Three Dyson Lightcycle morph lamps in a living room.

Dyson recently announced an updated Smart Lamp, and just like the first iteration of the Lightcycle Morph, it costs $650 for the base model. The company is best known for its excellent vacuums that are worth buying. But there’s no reason anyone should buy a $650 lamp, even if it is smart.

Now I know what you’re thinking. I’m the same person who wrote, “yes, a $3,000 mattress is worth every penny,” so how can I say an expensive lamp doesn’t make sense? Hear me out; the situation is different.

Spending extra on a mattress will improve your quality of life by letting you get a better night’s sleep, leaving you less tired throughout the day. Spending extra on a lamp gets you—well, what does it get you anyway? Let’s look.

App Control for Your Lamp

The Lightcycle Morph is a smart lamp, so of course, that means it has an app you use to control it. With the Dyson Link app (for iOS and Android), you can set up schedules, control the on and off functions, and let it know how old you are.
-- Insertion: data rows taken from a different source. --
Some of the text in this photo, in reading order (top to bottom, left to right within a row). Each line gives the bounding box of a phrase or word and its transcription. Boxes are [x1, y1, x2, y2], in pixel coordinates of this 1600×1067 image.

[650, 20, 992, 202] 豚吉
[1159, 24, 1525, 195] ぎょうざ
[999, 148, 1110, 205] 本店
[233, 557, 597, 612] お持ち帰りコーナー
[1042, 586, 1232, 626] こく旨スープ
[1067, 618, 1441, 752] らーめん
Why should it know your age? Well, according to Dyson, as we age, we need more light to see. So for older people, the light will automatically glow more brightly.

Dyson also promises to adjust the warmth of the light to match the time of day in your area. But not entirely, because it assumes that every day is a clear day, so if it’s cloudy or rainy or any other weather that isn’t clear, then it won’t match.
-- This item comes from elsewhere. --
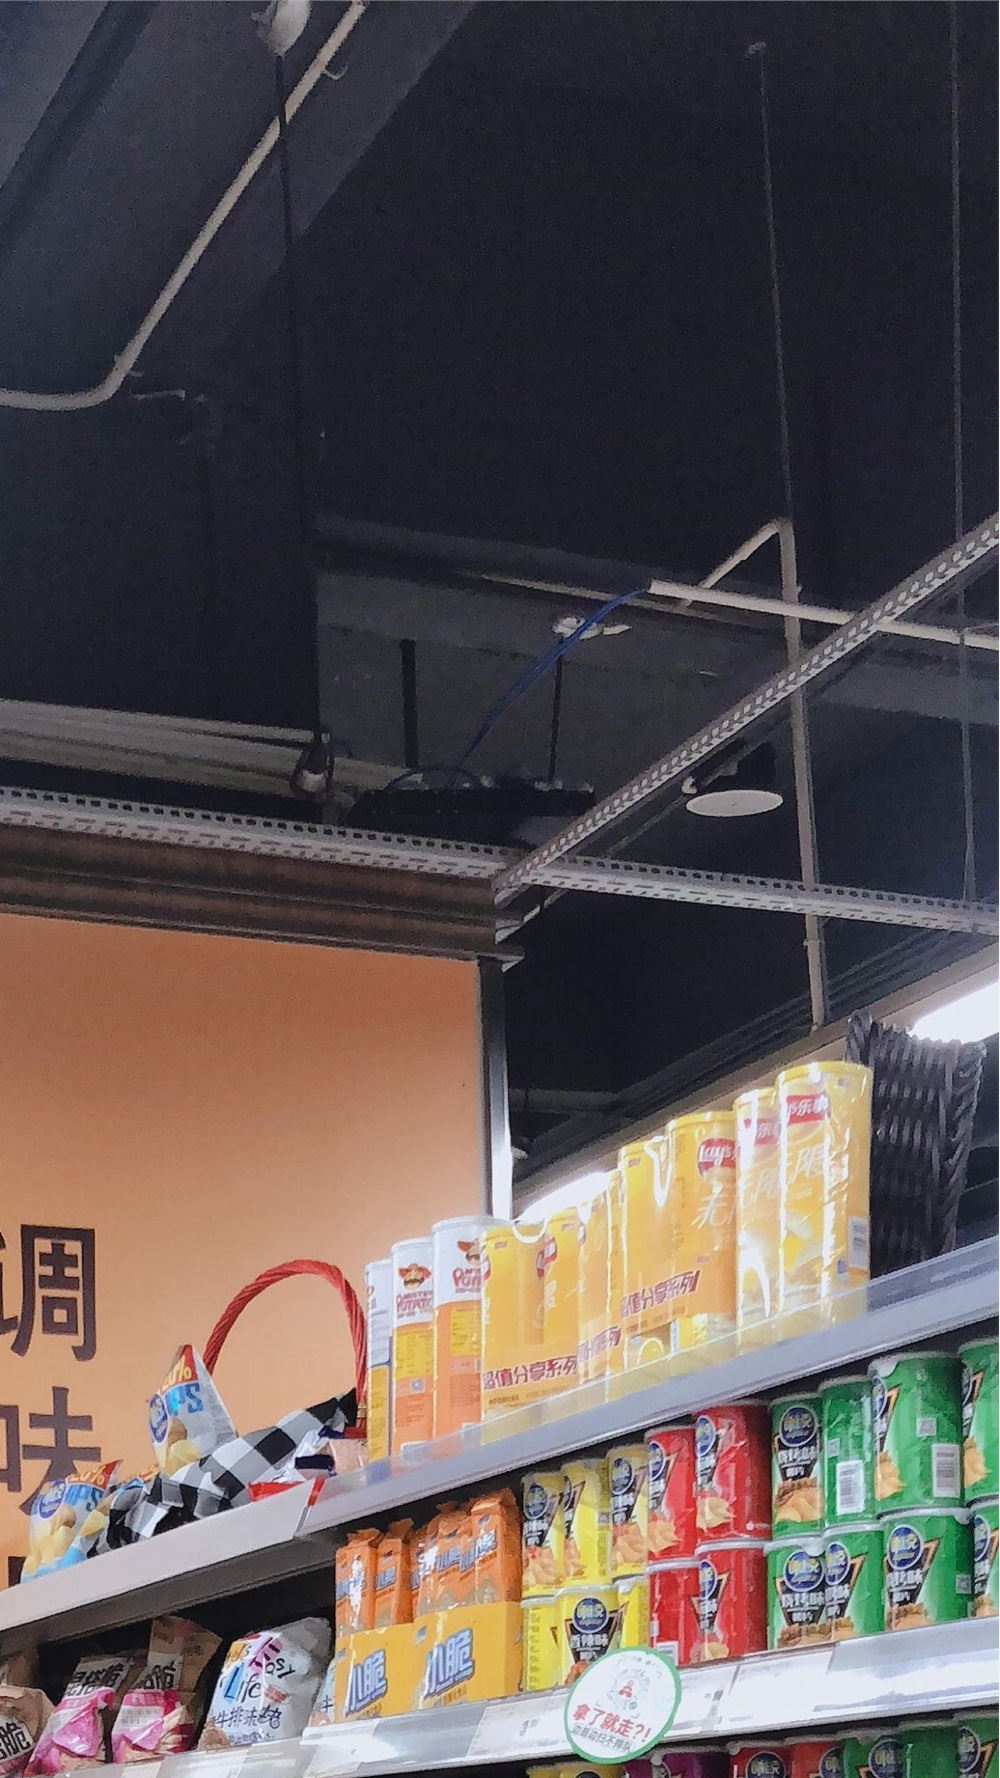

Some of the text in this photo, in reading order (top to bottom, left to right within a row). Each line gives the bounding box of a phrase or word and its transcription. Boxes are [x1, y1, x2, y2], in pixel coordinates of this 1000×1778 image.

[483, 1355, 577, 1390] 超值分享系列
[572, 1704, 652, 1742] 拿了就走?!
But you don’t need a $650 smart lamp to gain convenient app control. While you may not get all the same features with other smart bulbs, LEDs, and light switches, you’ll get the most of those features for a fraction of the cost.

An Adjustable Fixture

A woman laying on a couch next to the Dyson Lightcycle Morph with the head shining light through the stem.
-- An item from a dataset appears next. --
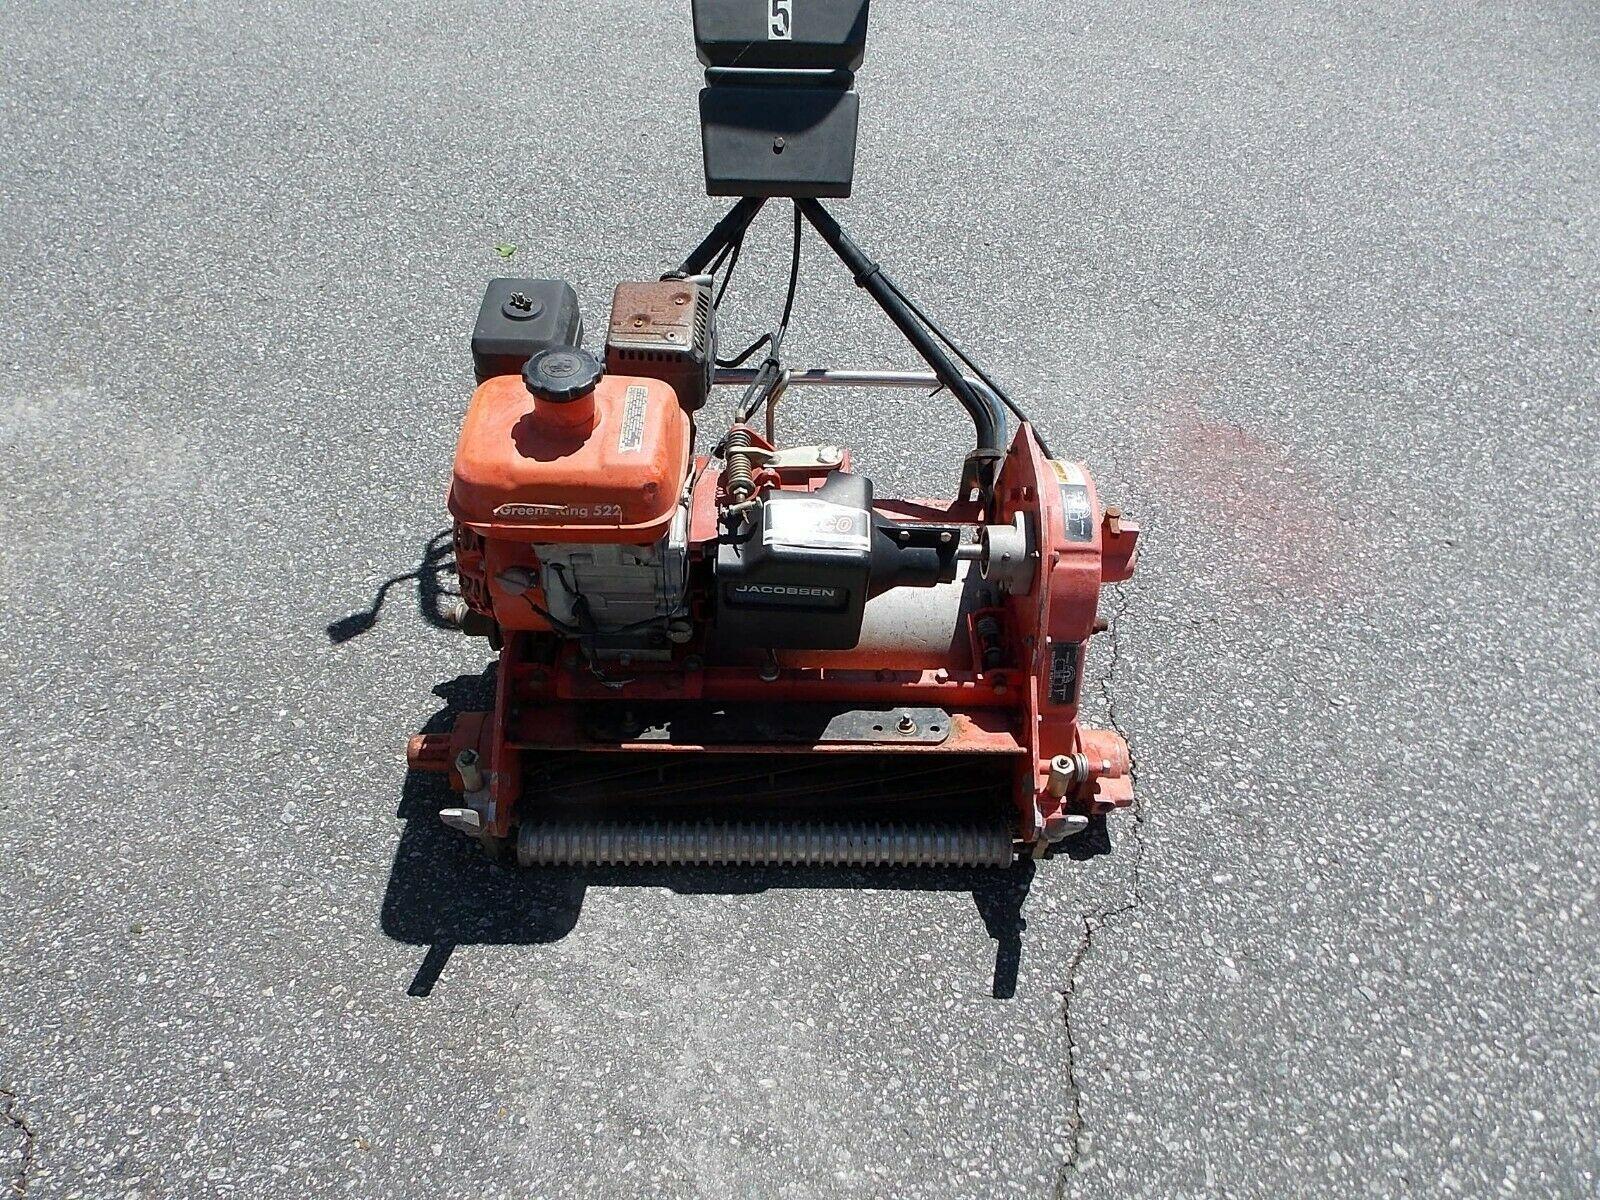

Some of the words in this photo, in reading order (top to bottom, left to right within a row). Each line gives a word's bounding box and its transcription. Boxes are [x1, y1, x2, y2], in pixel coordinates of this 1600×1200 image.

[772, 0, 790, 37] 5
[593, 504, 621, 516] 522
[736, 585, 835, 597] JACOBSEN
Dyson isn’t calling it the Lightcycle Morph just because it sounds cool (though okay, it does sound cool). You can “morph” the smart lamp to one of many positions to better use it for tasks throughout the day.

The head tilts, the neck twirls, and if you connect the lamp’s head to the body, you’ll get a nice ambient glow from the stem. I’ll admit that the last trick is beautiful. Another nice feature is an integrated USB-C charger to top-up your phone, but adjustable lights are hardly new.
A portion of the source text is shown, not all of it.